### Assignment
Drop the pictures and restate the rest of the listing word for word.

________________________

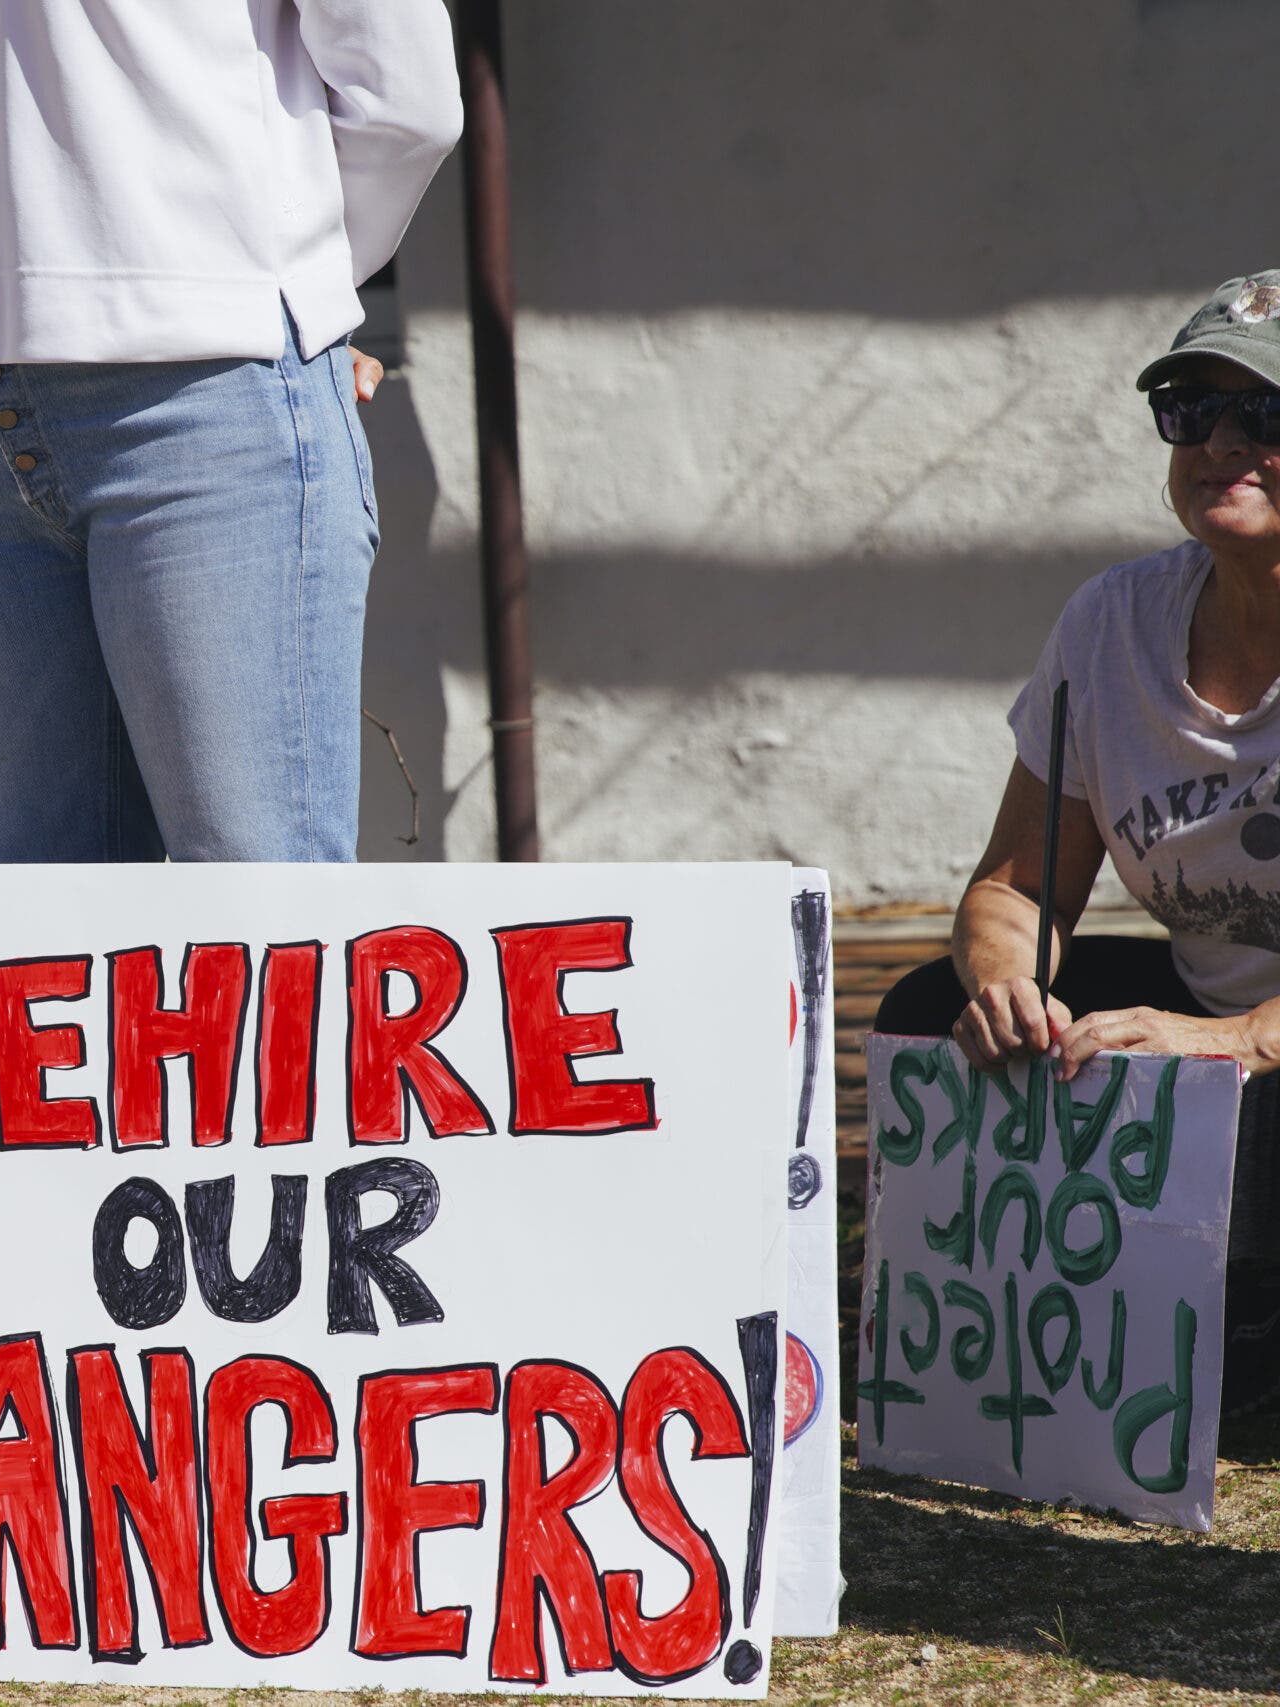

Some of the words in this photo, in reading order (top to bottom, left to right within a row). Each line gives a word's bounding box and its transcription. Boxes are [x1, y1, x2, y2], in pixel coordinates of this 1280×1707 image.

[1113, 772, 1229, 861] TAKE
[877, 1038, 1182, 1211] PARKS
[92, 1156, 445, 1336] OUR
[857, 1258, 1197, 1494] Protect

________________________

### Task solution
Some of the words in this photo, in reading order (top to bottom, left to right within a row). Each line gives a word's bounding box and its transcription. Boxes are [x1, y1, x2, y2], in pixel coordinates of this 1280×1707 image.

[1113, 772, 1229, 861] TAKE
[877, 1038, 1182, 1211] PARKS
[92, 1156, 445, 1336] OUR
[857, 1258, 1197, 1494] Protect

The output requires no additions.